Absorto con la contemplación del mar desde algún punto de Las Canteras, rompe mi embeleso una extraña llamada proveniente de no sé qué interlocución inmaterial.
-¿Diga?, pregunto.
-Joven, me dice una voz, hablo en nombre de la Trinidad Hispanoamericana. Como quiera que en el limbo en que nos hallamos no nos queda más sentido que el de un remoto paladar literario, lo hacemos depositario de nuestra devoción por la vida y le pedimos que nos diga qué ve en este instante.
Les ahorro los pormenores de una conversación que ganaba en extravagancia a medida que se alargaba en mis oídos incrédulos. Solo les diré que la tal Trinidad la formaban García Márquez, Jorge Luis Borges y Julio Cortázar, que en algún lugar del parnaso debieron de sentir el amargo tedio que provoca la eternidad y notaron el cascabeleo de este humilde vago dedicado al oficio baldío de delirar sin fiebre.

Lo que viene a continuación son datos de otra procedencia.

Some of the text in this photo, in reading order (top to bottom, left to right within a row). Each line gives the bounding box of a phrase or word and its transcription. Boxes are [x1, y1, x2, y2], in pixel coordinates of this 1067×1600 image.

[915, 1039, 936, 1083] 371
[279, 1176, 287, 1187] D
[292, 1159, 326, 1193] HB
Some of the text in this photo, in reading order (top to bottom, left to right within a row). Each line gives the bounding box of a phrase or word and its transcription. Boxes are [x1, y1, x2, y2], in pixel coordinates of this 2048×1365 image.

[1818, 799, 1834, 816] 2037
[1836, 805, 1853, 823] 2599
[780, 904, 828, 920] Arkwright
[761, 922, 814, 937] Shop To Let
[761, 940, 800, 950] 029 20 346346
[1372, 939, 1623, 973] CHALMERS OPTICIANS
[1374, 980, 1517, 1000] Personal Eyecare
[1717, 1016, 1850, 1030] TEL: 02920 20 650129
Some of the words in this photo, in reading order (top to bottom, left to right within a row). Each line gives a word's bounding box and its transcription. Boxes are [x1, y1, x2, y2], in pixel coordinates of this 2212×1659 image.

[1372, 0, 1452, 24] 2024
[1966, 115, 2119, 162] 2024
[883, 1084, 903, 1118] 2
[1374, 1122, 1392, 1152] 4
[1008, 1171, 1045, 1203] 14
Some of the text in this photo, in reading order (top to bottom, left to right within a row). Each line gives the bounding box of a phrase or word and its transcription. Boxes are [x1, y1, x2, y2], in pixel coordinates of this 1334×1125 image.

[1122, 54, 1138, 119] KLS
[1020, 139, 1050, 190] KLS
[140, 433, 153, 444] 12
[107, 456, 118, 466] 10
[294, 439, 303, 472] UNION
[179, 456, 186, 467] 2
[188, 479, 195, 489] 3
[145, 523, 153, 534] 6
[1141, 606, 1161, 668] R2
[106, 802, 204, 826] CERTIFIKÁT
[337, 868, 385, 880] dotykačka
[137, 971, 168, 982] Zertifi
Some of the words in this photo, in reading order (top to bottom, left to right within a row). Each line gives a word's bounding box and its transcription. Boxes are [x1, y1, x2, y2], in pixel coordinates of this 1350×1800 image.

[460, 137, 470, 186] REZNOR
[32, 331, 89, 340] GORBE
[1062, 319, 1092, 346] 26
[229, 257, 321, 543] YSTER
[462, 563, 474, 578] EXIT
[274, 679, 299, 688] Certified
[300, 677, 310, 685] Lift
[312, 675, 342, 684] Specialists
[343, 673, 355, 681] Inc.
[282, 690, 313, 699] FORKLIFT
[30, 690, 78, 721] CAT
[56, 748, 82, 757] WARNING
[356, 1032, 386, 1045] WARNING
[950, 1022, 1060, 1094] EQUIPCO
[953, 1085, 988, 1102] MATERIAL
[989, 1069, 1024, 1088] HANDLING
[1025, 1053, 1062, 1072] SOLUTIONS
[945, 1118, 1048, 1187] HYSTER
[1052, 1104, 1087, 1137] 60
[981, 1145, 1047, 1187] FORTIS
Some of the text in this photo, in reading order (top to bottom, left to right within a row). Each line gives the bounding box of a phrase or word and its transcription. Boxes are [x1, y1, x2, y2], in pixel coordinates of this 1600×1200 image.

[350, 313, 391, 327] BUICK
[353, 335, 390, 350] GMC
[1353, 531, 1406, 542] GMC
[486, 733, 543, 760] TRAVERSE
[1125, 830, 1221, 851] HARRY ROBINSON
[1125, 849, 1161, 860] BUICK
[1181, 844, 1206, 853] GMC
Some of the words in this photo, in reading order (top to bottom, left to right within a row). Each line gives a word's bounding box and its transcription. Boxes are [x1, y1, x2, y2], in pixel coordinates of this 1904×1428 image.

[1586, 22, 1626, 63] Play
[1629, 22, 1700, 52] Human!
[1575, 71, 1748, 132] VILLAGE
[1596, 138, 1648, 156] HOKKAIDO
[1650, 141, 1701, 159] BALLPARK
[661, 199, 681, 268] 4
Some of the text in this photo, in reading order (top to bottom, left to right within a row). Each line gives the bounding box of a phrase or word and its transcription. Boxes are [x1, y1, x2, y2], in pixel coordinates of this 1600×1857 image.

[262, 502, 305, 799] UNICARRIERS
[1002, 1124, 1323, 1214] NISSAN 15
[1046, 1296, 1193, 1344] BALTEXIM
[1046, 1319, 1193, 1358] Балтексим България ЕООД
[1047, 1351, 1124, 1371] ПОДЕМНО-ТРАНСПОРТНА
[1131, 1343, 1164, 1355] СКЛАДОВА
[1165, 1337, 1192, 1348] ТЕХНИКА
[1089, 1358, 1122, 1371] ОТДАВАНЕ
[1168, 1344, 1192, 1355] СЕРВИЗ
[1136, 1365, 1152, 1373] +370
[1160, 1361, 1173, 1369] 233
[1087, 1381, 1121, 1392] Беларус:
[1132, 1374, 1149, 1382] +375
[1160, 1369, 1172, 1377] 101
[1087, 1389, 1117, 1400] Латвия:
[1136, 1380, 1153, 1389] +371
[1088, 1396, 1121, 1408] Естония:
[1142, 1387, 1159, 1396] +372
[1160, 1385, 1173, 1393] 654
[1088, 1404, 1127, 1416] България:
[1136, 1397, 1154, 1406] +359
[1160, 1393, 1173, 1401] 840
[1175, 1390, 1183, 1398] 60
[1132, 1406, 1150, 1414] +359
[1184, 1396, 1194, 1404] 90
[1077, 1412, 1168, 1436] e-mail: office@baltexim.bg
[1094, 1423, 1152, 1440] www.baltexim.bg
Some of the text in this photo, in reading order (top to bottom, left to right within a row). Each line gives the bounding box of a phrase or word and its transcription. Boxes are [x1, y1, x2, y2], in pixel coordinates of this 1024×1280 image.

Le dije a la voz que comenzaría con García Márquez y que intentaría hablarles a cada uno en su idioma inmortal.
¿Qué veo, querido Gabo?
Embutidos en sus trajes negros de neopreno, confiados a la dulce esclavitud de su aleta de escualo fibrosa y grácil, los hombres peces, enterrándose una y otra vez en el vórtice espumoso del oleaje y resucitando victoriosos sobre sus crestas en una levitación de sal y yodo, como el santo de un paso procesional, habrán de recordar el día en que fueron de arena y sabían qué era un secadal y comían carne al calor de las brasas de una retama agostada. Hasta que se dejaron embriagar por el olor de las algas marinas y Neptuno les regaló las agallas y las escamas que hoy los retienen en el mar perenne sin la nostalgia de la tierra caduca.